Resultados do Governo Central dão razão ao FMI

Depois do alerta do Fundo Monetário Internacional (FMI), o ministro da Fazenda, Guido Mantega, saiu em defesa das contas públicas brasileiras, mas os números do Governo Central divulgados ontem pelo Tesouro mostram uma clara deterioração, com o aumento forte das despesas. O ano foi de crescimento histórico para a economia brasileira, recuperação da arrecadação, mas mesmo assim o retrato das contas públicas não é o mais favorável para o País.

Cenário: Adriana Fernandes, O Estado de S.Paulo

29 de janeiro de 2011 | 00h00

É certo que o Brasil se destaca positivamente entre outros países que atravessam dificuldades econômicas. O problema é a crescente escalada dos gastos públicos, que mancha a fotografia da política fiscal e dá mais trabalho para o Banco Central controlar a inflação ascendente. Mesmo com todo o esforço de "garimpo" de receitas, o governo não conseguiu cumprir a meta cheia de superávit primário das contas do setor público e ainda mais: arranhou a credibilidade. A meta foi reduzida, no fim do ano passado, com o jogo andando.

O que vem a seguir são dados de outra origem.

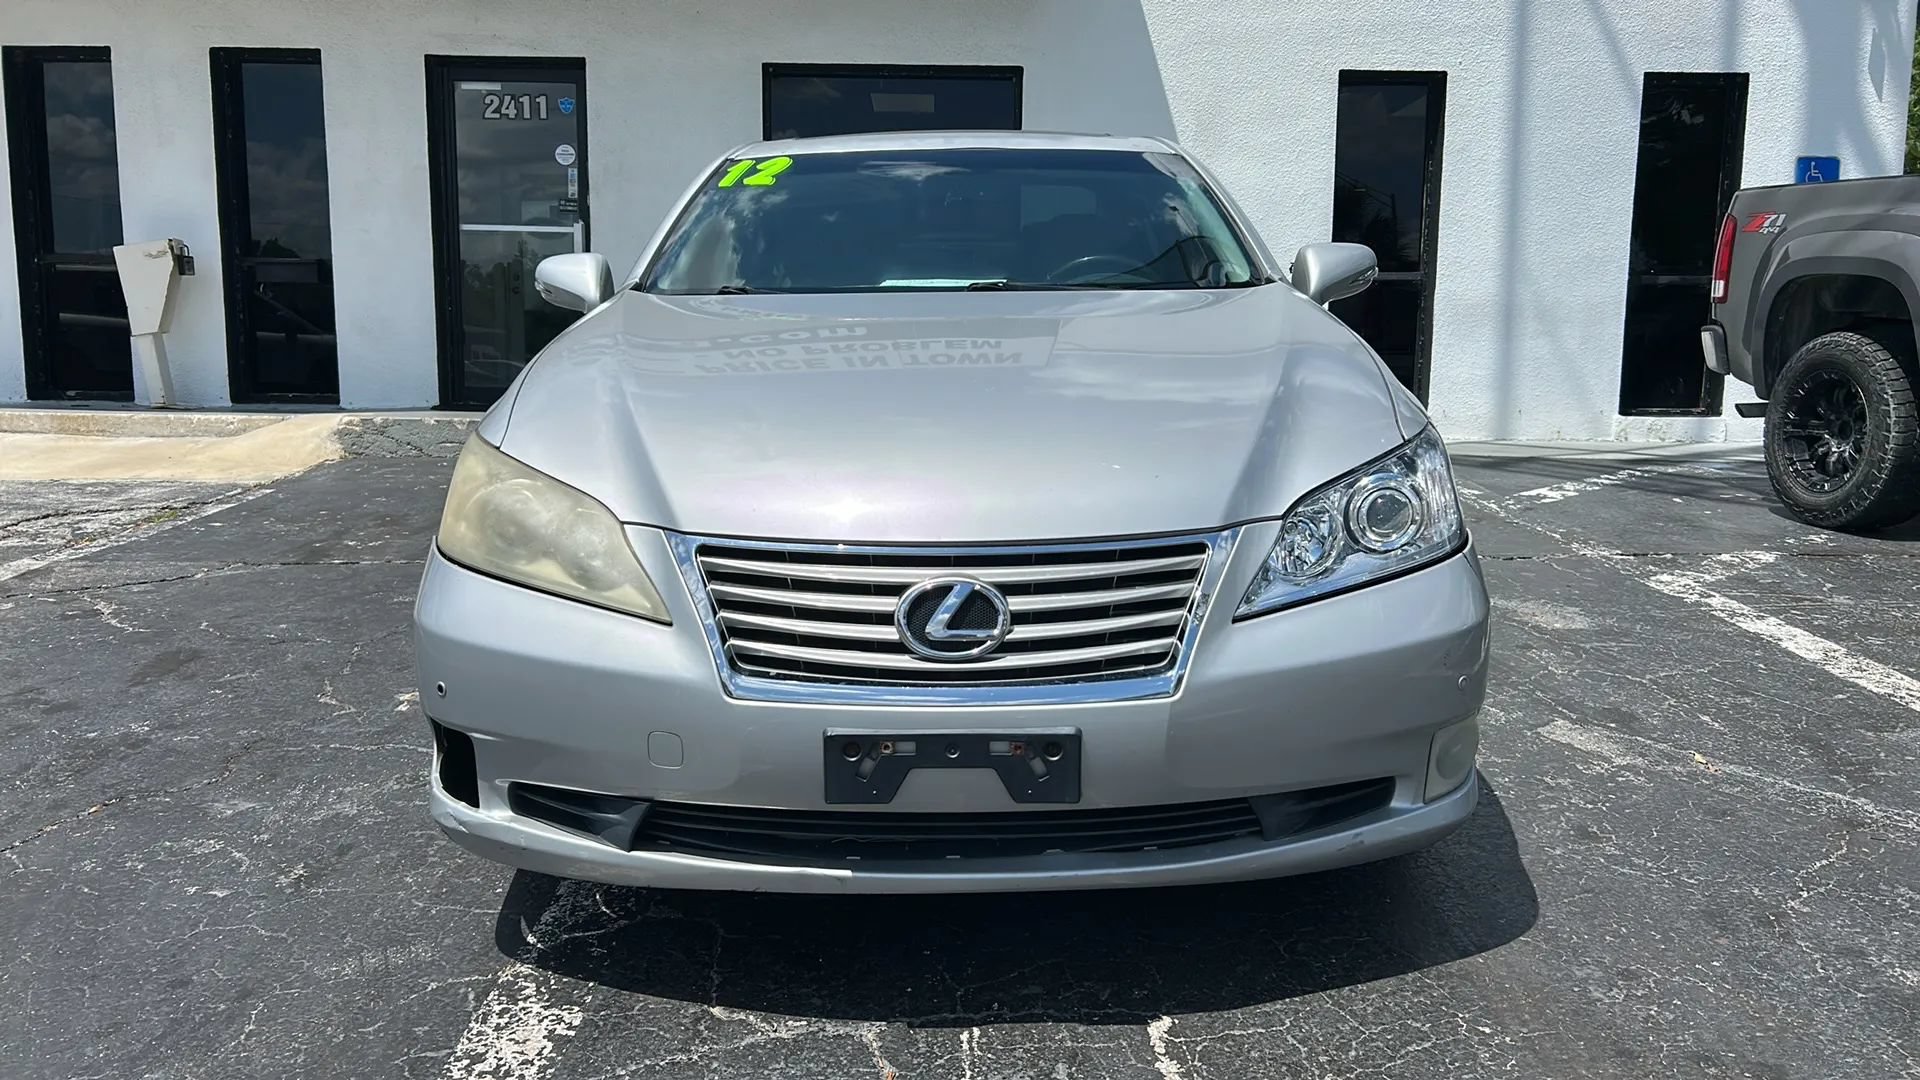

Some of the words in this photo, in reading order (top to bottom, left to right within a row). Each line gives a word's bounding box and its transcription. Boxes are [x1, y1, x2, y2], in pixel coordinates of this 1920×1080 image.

[482, 94, 548, 120] 2411
[718, 156, 793, 187] 12
[1742, 211, 1787, 232] Z71

São poucos hoje os que acreditam que o governo conseguirá cumprir a meta cheia em 2011, apesar dos discursos reiterados de integrantes da equipe econômica. Talvez tivesse sido melhor o governo ter assumido uma meta menor já no início de 2010, como defendiam integrantes da equipe econômica.

Cresce, assim, o número de observadores desconfiados da promessa que se repete para 2011 de que mais uma vez o Brasil fechará suas contas, cortará gastos, contribuindo para a queda dos juros. É por isso que a credibilidade da política fiscal do Brasil está sendo questionada pelos analistas econômicos e, agora, também pelo FMI, que nos últimos anos vinha elogiando a condução do gerenciamento das contas públicas brasileiras.